##### Source records #####

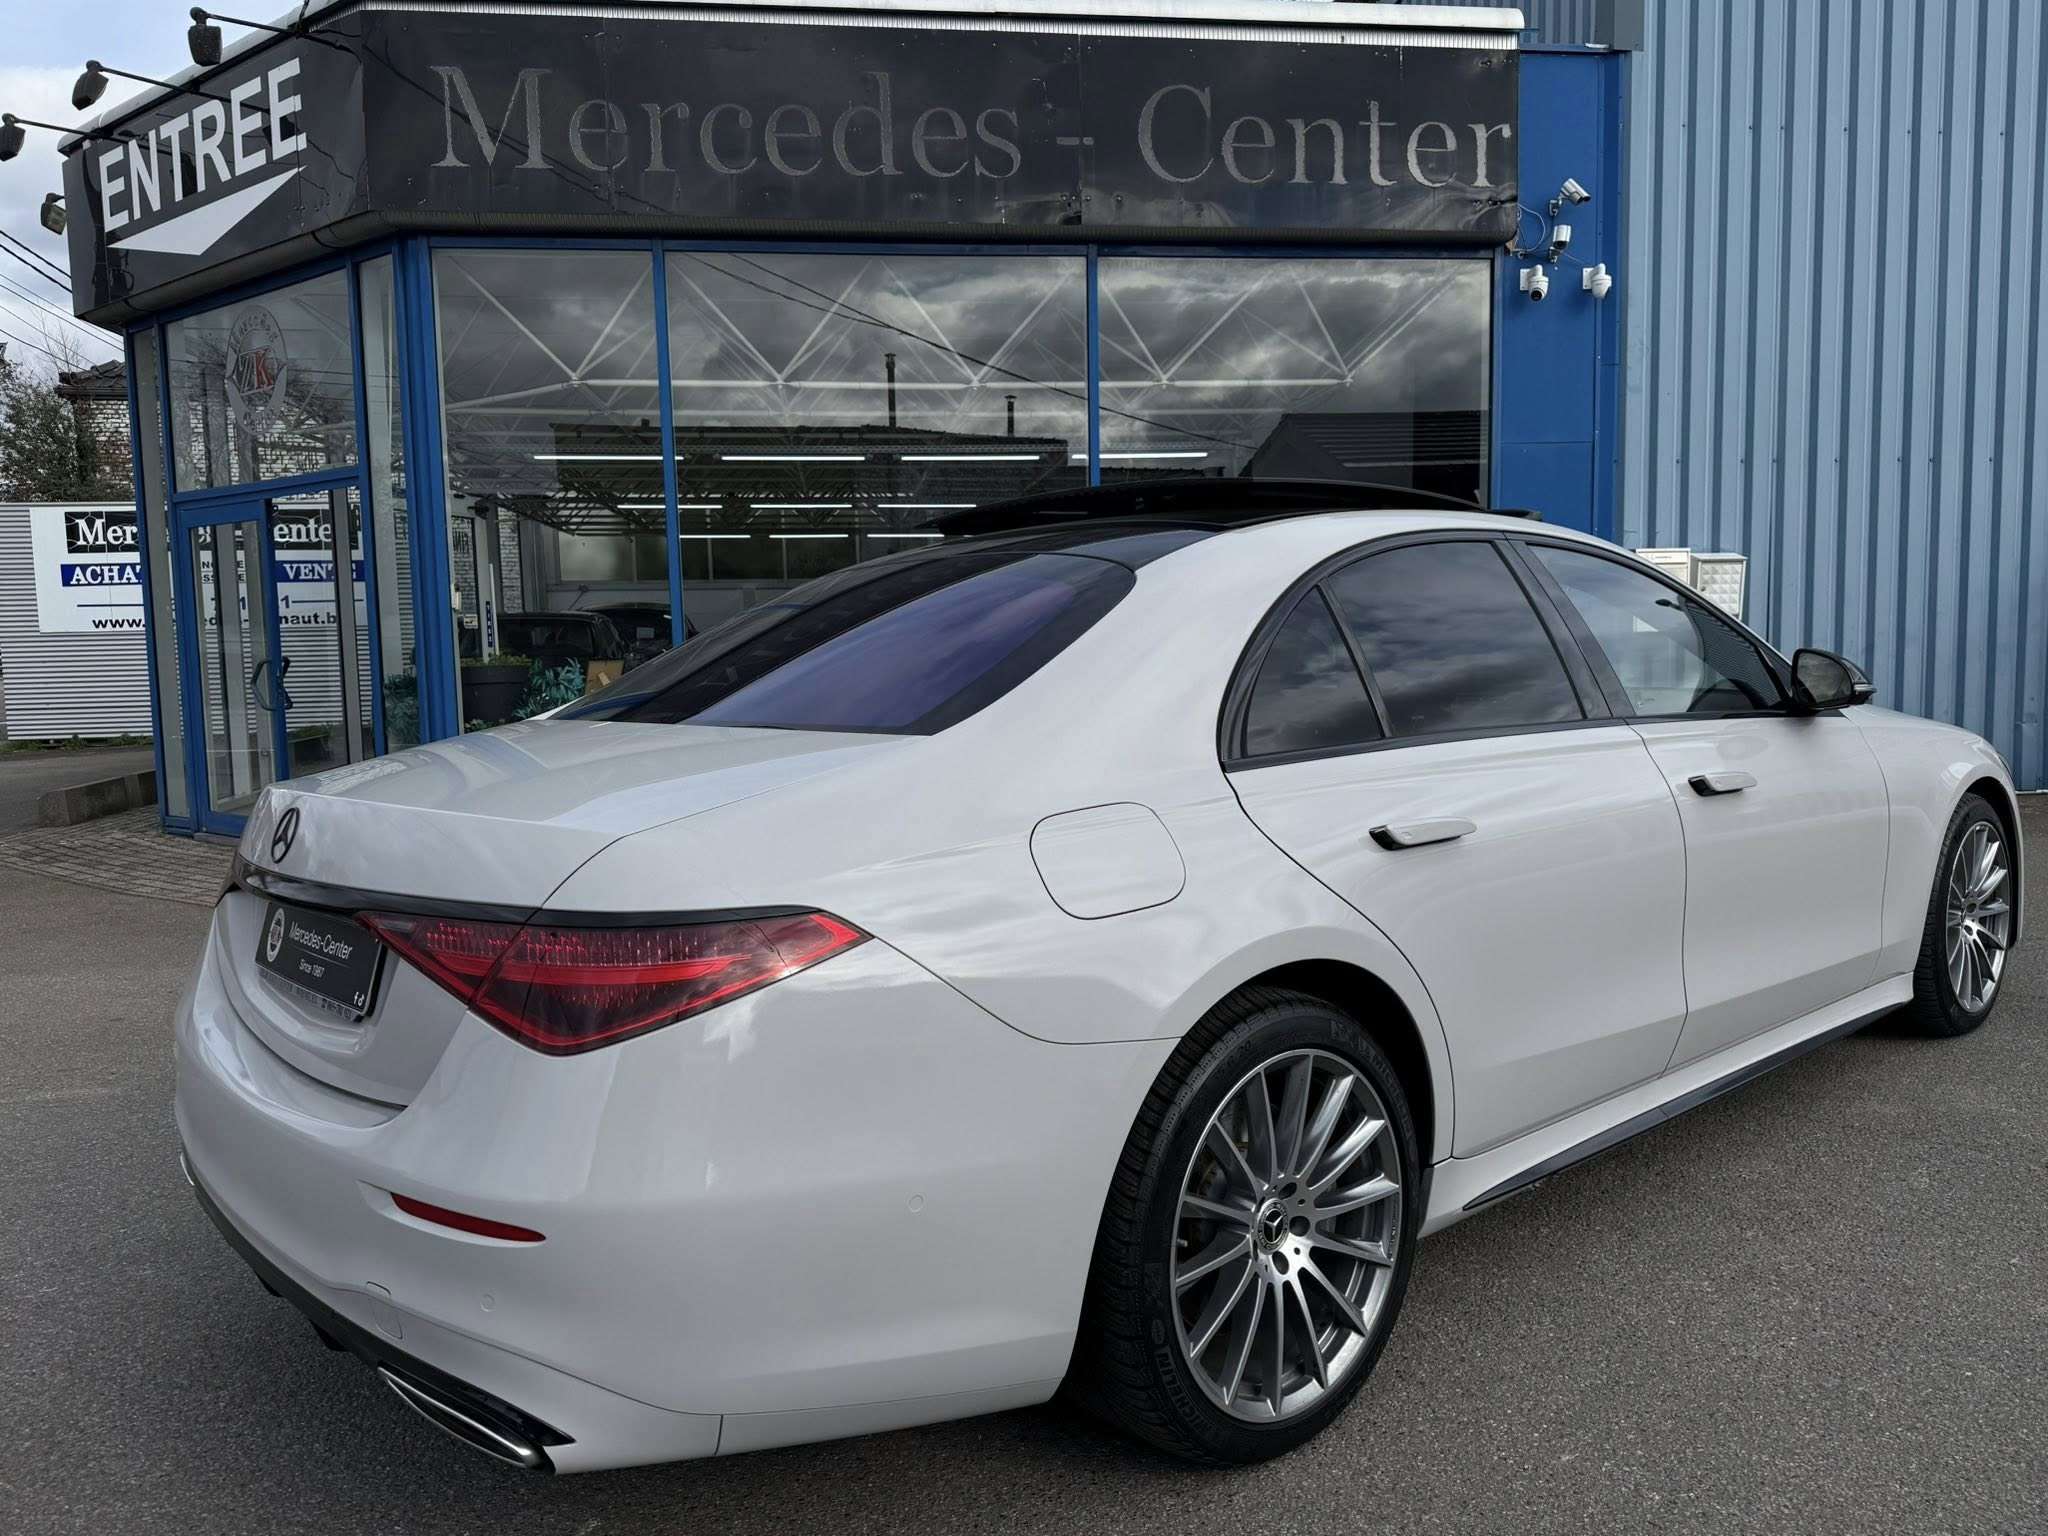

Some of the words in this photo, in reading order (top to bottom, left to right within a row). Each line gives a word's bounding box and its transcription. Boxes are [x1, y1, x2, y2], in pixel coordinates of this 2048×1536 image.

[99, 57, 307, 233] ENTREE
[428, 64, 1022, 179] Mercedes
[1137, 84, 1513, 189] Center
[273, 518, 333, 543] ente
[70, 564, 143, 586] ACHA
[289, 921, 353, 959] Mercedes-Center

#####

◆ **Work to complete**: All the data above is to be transcribed exactly, with no pictures included.

◆ **Solution to the exercise**:
Some of the words in this photo, in reading order (top to bottom, left to right within a row). Each line gives a word's bounding box and its transcription. Boxes are [x1, y1, x2, y2], in pixel coordinates of this 2048×1536 image.

[99, 57, 307, 233] ENTREE
[428, 64, 1022, 179] Mercedes
[1137, 84, 1513, 189] Center
[273, 518, 333, 543] ente
[70, 564, 143, 586] ACHA
[289, 921, 353, 959] Mercedes-Center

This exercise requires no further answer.